WORK REQUIRED:
Exact copies of the lines from the line containing "this 1344×1512 image." through the last line of the entries below are the whole answer.

[[ RECORDS FOR THE EXERCISE open ]]

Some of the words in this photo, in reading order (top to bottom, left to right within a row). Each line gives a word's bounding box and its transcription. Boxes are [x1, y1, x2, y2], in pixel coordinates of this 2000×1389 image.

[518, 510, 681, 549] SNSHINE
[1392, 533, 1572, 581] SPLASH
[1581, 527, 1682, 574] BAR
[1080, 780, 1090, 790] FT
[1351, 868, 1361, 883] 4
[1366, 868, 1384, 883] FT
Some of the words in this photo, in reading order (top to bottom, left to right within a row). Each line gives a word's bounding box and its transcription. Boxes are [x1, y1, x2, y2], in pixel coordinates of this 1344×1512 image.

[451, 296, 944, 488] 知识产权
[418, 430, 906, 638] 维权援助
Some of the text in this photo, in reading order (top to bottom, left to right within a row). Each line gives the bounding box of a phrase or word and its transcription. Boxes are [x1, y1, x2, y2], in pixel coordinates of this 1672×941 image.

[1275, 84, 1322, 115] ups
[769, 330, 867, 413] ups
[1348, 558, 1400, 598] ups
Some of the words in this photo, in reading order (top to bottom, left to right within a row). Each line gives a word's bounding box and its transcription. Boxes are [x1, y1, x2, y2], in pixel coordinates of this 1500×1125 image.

[[ RECORDS FOR THE EXERCISE closed ]]

WRITTEN SOLUTION:
Some of the words in this photo, in reading order (top to bottom, left to right within a row). Each line gives a word's bounding box and its transcription. Boxes are [x1, y1, x2, y2], in pixel coordinates of this 1344×1512 image.

[451, 296, 944, 488] 知识产权
[418, 430, 906, 638] 维权援助
Some of the text in this photo, in reading order (top to bottom, left to right within a row). Each line gives the bounding box of a phrase or word and its transcription. Boxes are [x1, y1, x2, y2], in pixel coordinates of this 1672×941 image.

[1275, 84, 1322, 115] ups
[769, 330, 867, 413] ups
[1348, 558, 1400, 598] ups
Some of the words in this photo, in reading order (top to bottom, left to right within a row). Each line gives a word's bounding box and its transcription. Boxes are [x1, y1, x2, y2], in pixel coordinates of this 1500×1125 image.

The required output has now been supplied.